[EXTRACTED MATERIAL — start]

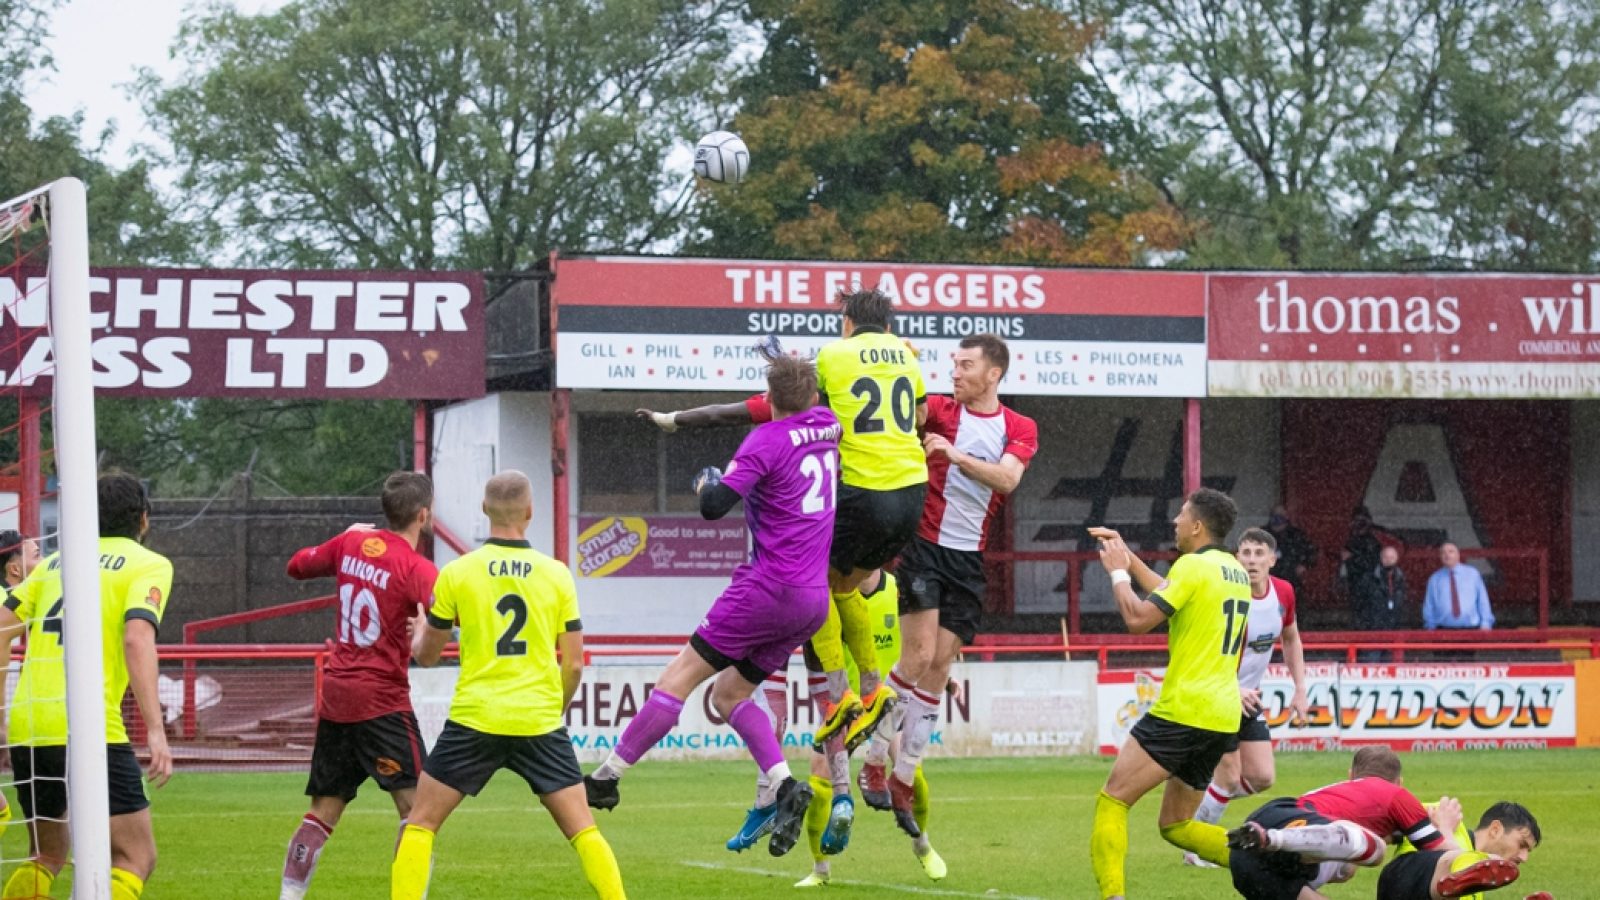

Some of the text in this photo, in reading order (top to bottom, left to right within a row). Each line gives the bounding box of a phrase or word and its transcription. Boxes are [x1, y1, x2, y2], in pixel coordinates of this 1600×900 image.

[725, 269, 811, 304] THE
[1256, 280, 1461, 334] thomas
[747, 313, 843, 333] SUPPOR
[894, 315, 1024, 337] THE ROBINS
[0, 336, 389, 388] ASS LTD
[581, 342, 617, 358] GILL
[645, 344, 682, 358] PHIL
[859, 348, 905, 365] COOKE
[1035, 351, 1063, 365] LES
[1090, 351, 1184, 366] PHILOMENA
[608, 365, 635, 378] IAN
[666, 366, 707, 380] PAUL
[1037, 372, 1158, 386] NOEL BRYAN
[1301, 368, 1349, 388] 0161
[850, 376, 916, 434] 20
[800, 450, 836, 514] 21
[579, 519, 627, 556] smart
[649, 526, 744, 541] Good to see you!
[580, 532, 641, 577] storage
[488, 560, 532, 578] CAMP
[339, 582, 381, 647] 10
[496, 593, 528, 656] 2
[1222, 598, 1250, 655] 17
[1395, 667, 1487, 679] SUPPORTED
[1491, 667, 1509, 679] BY
[1260, 682, 1565, 730] DAVIDSON

[EXTRACTED MATERIAL — finish]

### WORK TO BE COMPLETED
Reproduce all of the records above exactly, but exclude the pictures.

### TASK SOLUTION
Some of the text in this photo, in reading order (top to bottom, left to right within a row). Each line gives the bounding box of a phrase or word and its transcription. Boxes are [x1, y1, x2, y2], in pixel coordinates of this 1600×900 image.

[725, 269, 811, 304] THE
[1256, 280, 1461, 334] thomas
[747, 313, 843, 333] SUPPOR
[894, 315, 1024, 337] THE ROBINS
[0, 336, 389, 388] ASS LTD
[581, 342, 617, 358] GILL
[645, 344, 682, 358] PHIL
[859, 348, 905, 365] COOKE
[1035, 351, 1063, 365] LES
[1090, 351, 1184, 366] PHILOMENA
[608, 365, 635, 378] IAN
[666, 366, 707, 380] PAUL
[1037, 372, 1158, 386] NOEL BRYAN
[1301, 368, 1349, 388] 0161
[850, 376, 916, 434] 20
[800, 450, 836, 514] 21
[579, 519, 627, 556] smart
[649, 526, 744, 541] Good to see you!
[580, 532, 641, 577] storage
[488, 560, 532, 578] CAMP
[339, 582, 381, 647] 10
[496, 593, 528, 656] 2
[1222, 598, 1250, 655] 17
[1395, 667, 1487, 679] SUPPORTED
[1491, 667, 1509, 679] BY
[1260, 682, 1565, 730] DAVIDSON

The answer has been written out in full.